Overall, a total of 1,051,893 hospital admissions and 34,954 mortality for respiratory disease are recorded. The findings demonstrate a transition in the association between air pollutants and hospitalisation rates over time. For every 10 µg/m increase of PM2.5, the rate of hospital admission increased by 0.2% (95% CI: 0.1-0.7%) and 1.4% (1.0-1.7%) in the pre-pandemic and dynamic zero-COVID stage, respectively. Conversely, O-related hospitalization rate would be increased by 0.7% (0.5-0.9%) in the pre-pandemic stage but lowered to 1.7% (1.5-1.9%) in the dynamic zero-COVID stage. Further assessment indicates a shift of high-risk people from children and young adolescents to the old, primarily the elevated hospitalization rates among the old people in Lianyungang (RR: 1.53, 95%CI: 1.46, 1.60) and Nantong (RR: 1.65, 95%CI: 1.57, 1.72) relative to those for children and young adolescents. Over the course of our study period, people with underlying diseases would have 26.5% (22.8-30.3%) and 12.7% (10.8-14.6%) higher odds of having longer hospitalisation and over 6 times higher odds of deaths after hospitalisation.
Our estimates provide the first comprehensive evidence on the dynamic pollution-health associations throughout the pandemic. The results suggest that age and underlying diseases collectively determines the disparities of pollution-related health effect across population subgroups, underscoring the urgency to identifying the most vulnerable individuals to air pollution.

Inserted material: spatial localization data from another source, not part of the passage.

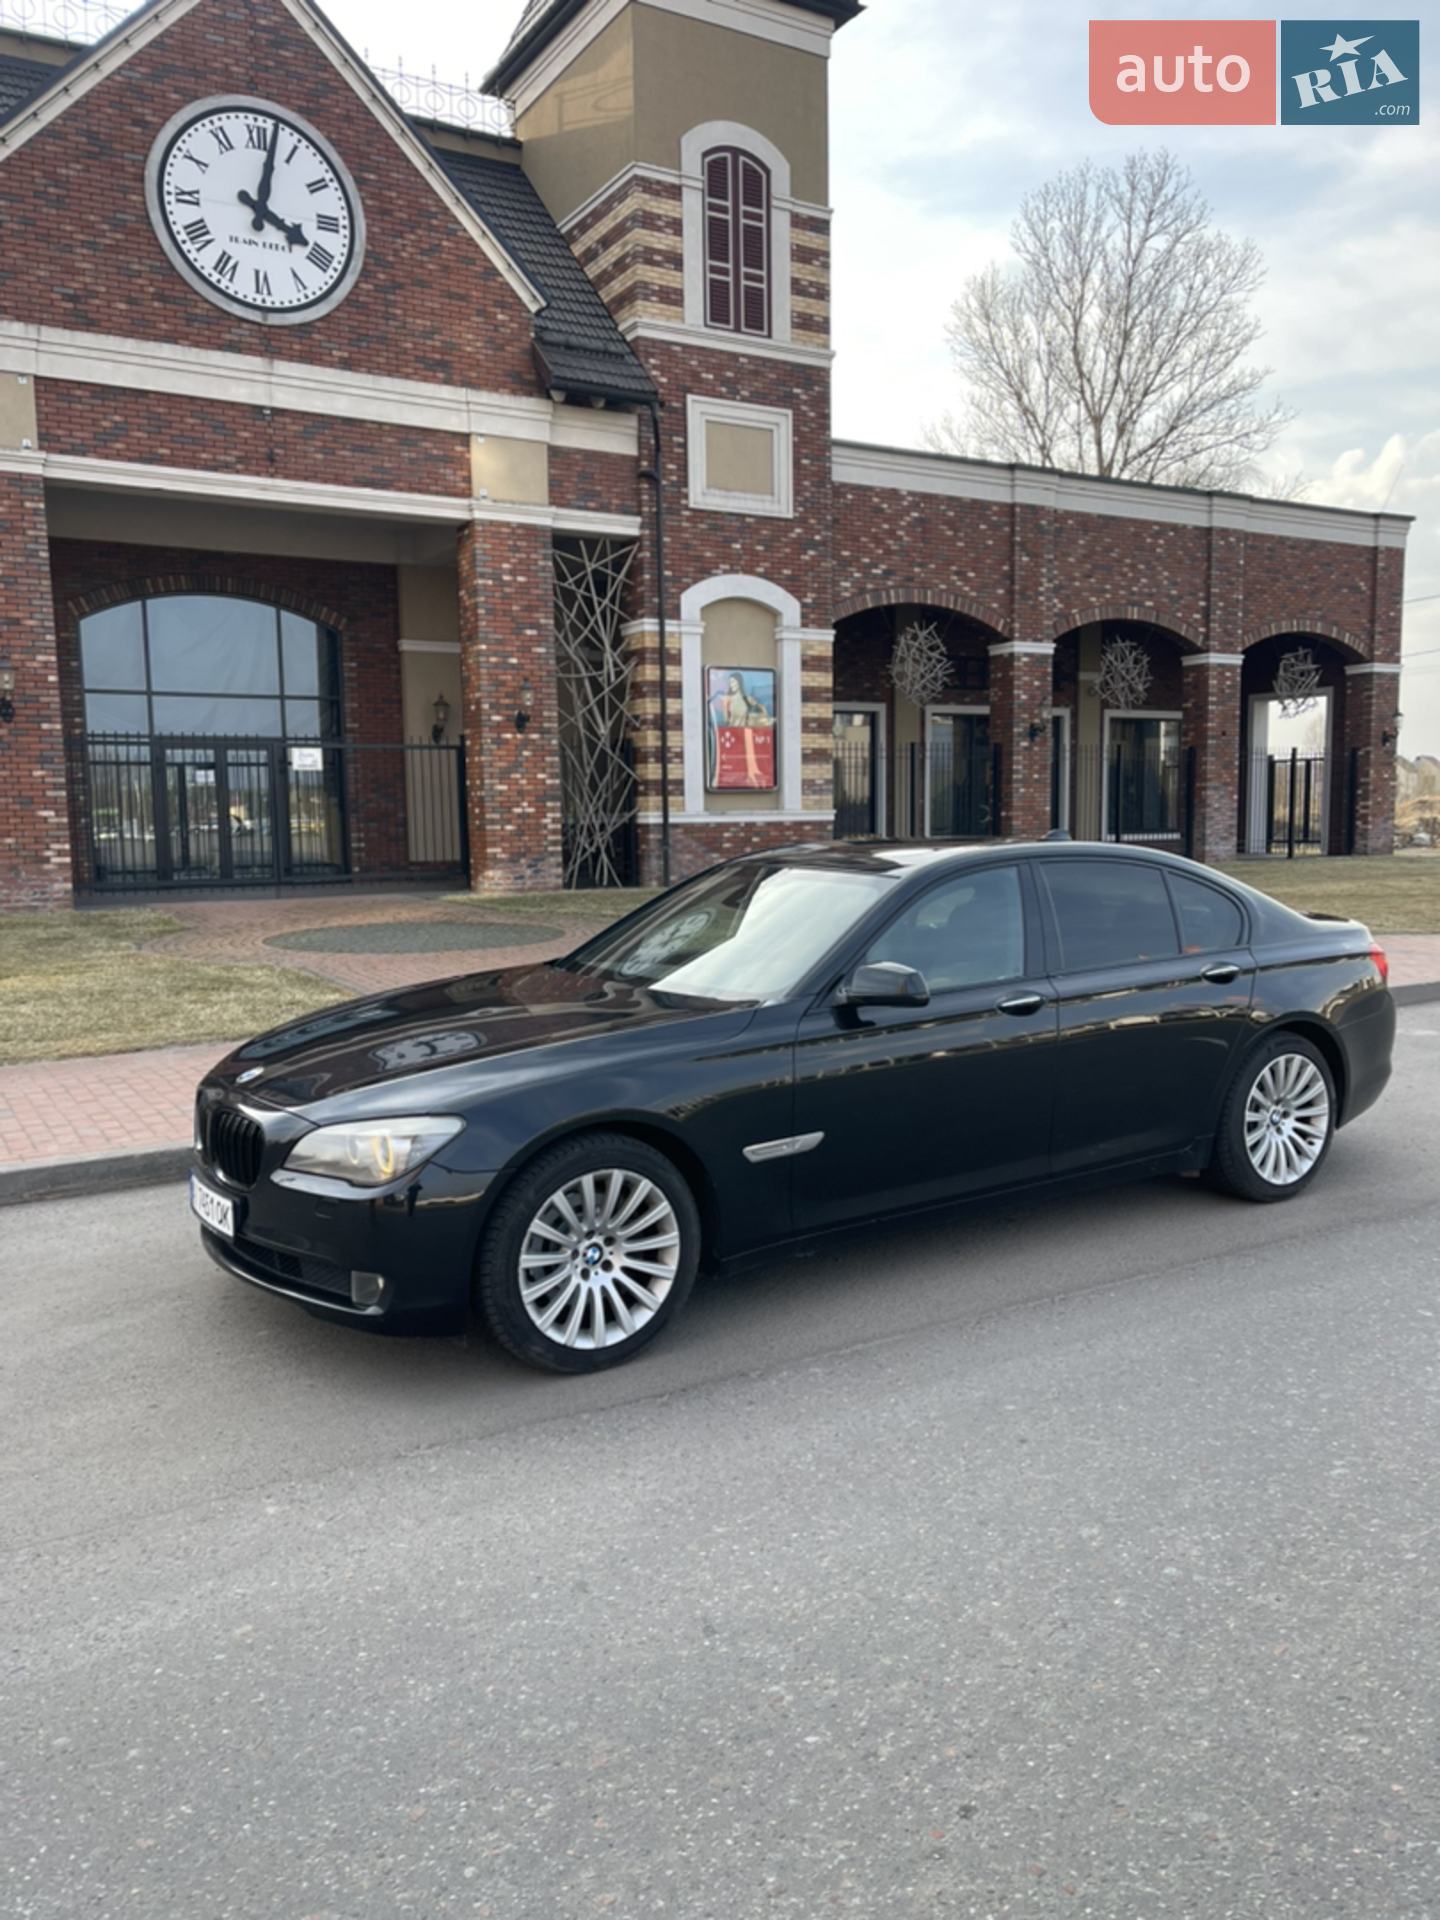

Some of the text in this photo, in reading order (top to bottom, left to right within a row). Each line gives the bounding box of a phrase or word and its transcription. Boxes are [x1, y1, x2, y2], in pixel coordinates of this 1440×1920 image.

[209, 125, 235, 155] XI
[245, 124, 267, 151] XII
[182, 149, 209, 174] X
[316, 213, 340, 234] III
[254, 268, 272, 297] VI
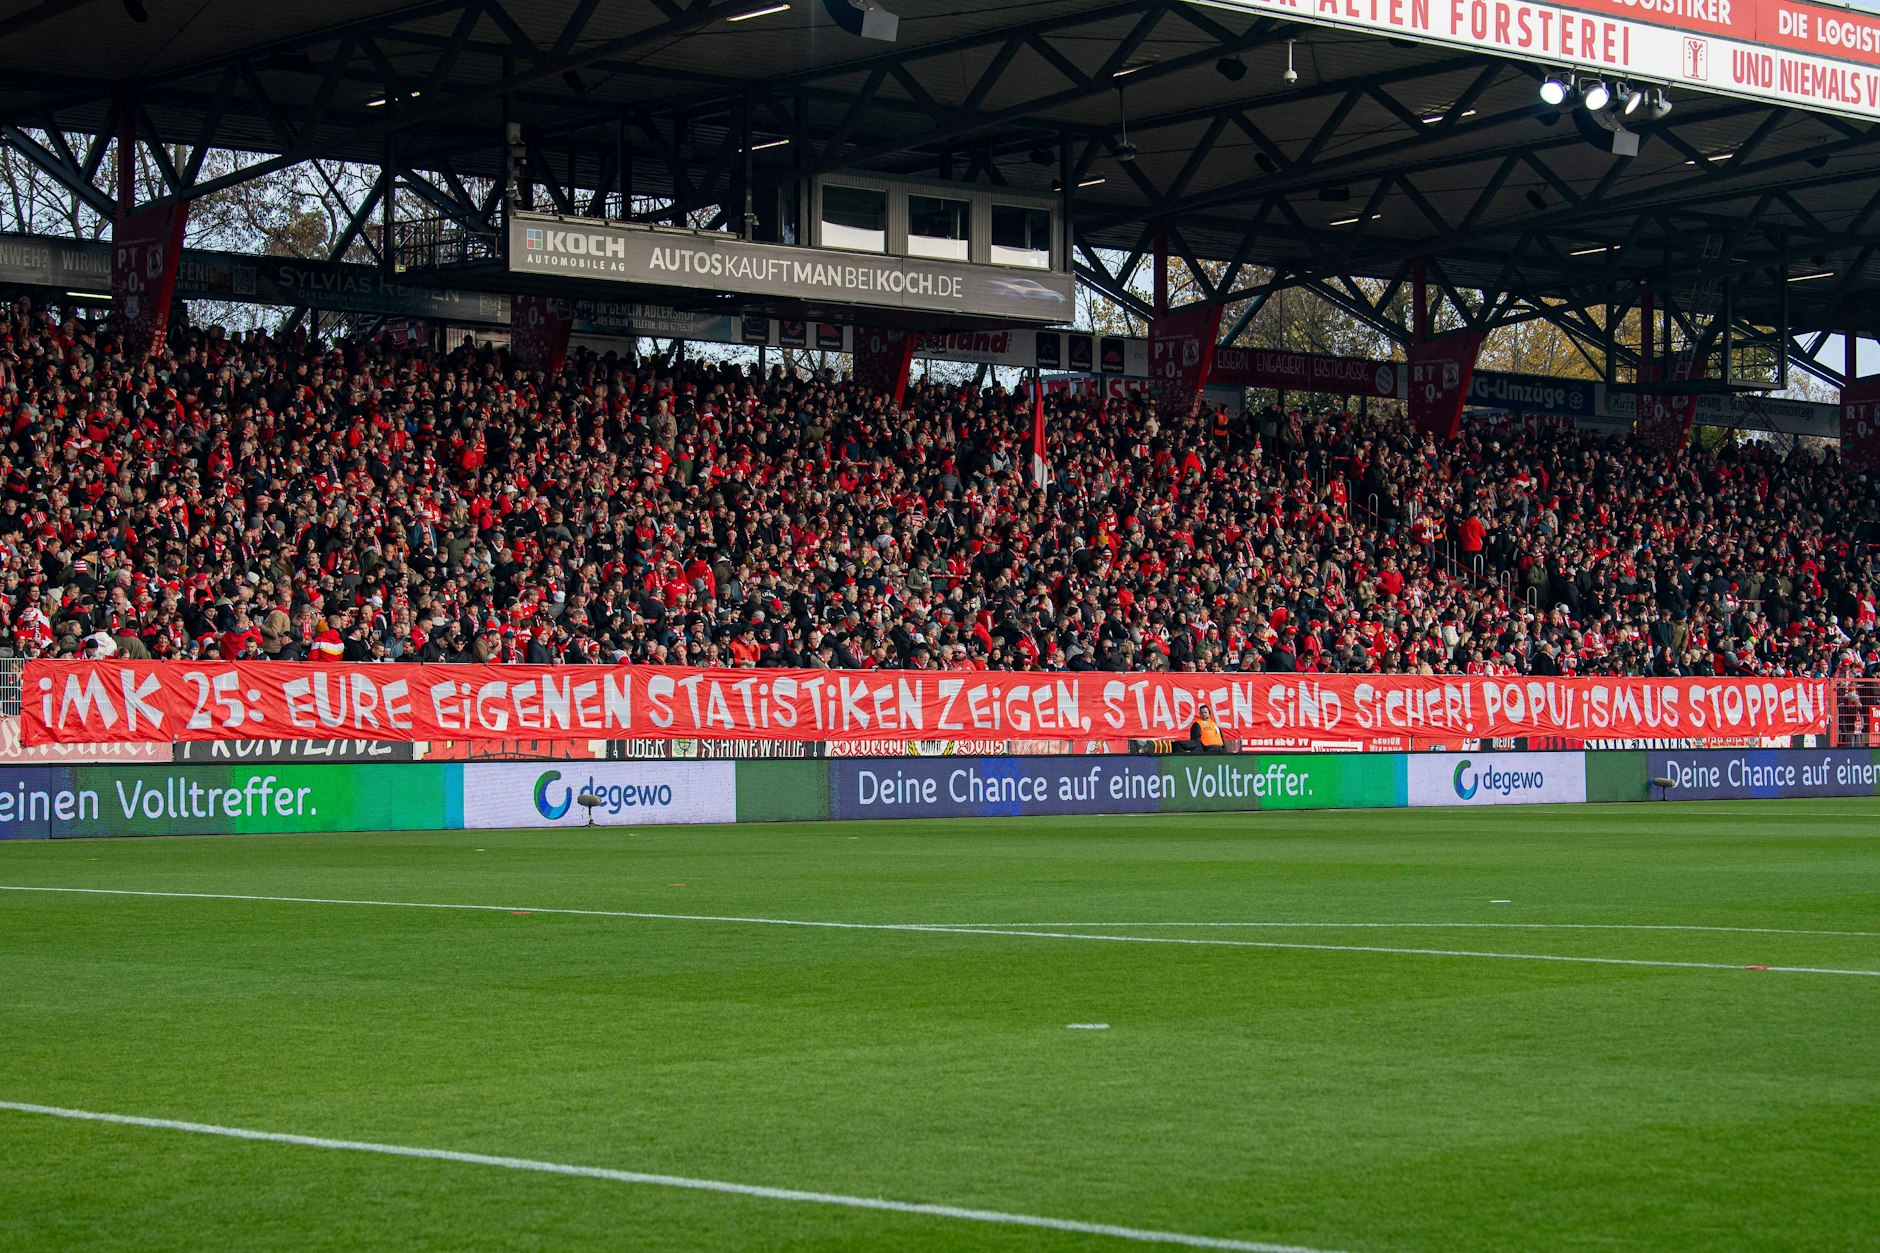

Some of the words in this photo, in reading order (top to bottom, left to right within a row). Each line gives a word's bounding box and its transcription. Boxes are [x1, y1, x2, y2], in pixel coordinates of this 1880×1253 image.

多方面的 SARS-CoV-2 干预措施改变了人们接触空气污染和呼吸道疾病动态的方式。确定最脆弱的人群需要努力全面了解空气污染暴露的动态健康影响,同时考虑到人口亚组之间的差异。
我们使用广义加性模型来评估 COVID-19 大流行期间,由于暴露于 PM2.5 和 O3 而导致的住院率和死亡率可能发生的变化。我们进一步将人群细分为详细的年龄类别,并说明了高风险人群年龄分布的变化。此外,我们应用多变量逻辑回归将人口统计学、社会经济和气候特征与与污染相关的超额风险结合起来。
总体而言,共记录了 1051893 例因呼吸道疾病住院和 34954 例死亡。研究结果表明,随着时间的推移,空气污染物与住院率之间的关联发生了转变。PM2.5 每增加 10µg/m3,住院率分别增加 0.2%(95%置信区间:0.1-0.7%)和 1.4%(1.0-1.7%),在前疫情阶段和动态零 COVID 阶段分别增加。相反,与 O3 相关的住院率在前疫情阶段将增加 0.7%(0.5-0.9%),但在动态零 COVID 阶段将降低至 1.7%(1.5-1.9%)。进一步评估表明,高危人群从儿童和青少年转移到老年人,主要是连云港(RR:1.53,95%CI:1.46,1.60)和南通(RR:1.65,95%CI:1.57,1.72)的老年人的住院率升高与儿童和青少年相比。在我们的研究期间,患有基础疾病的人会有 26.5%(22.8-30.3%)和 12.7%(10.8-14.6%)更高的住院时间延长和住院后死亡的风险。
我们的估计提供了关于整个大流行期间动态污染与健康关联的第一个全面证据。结果表明,年龄和基础疾病共同决定了人口亚组之间与污染相关的健康影响差异,这凸显了确定最易受空气污染影响的人群的紧迫性。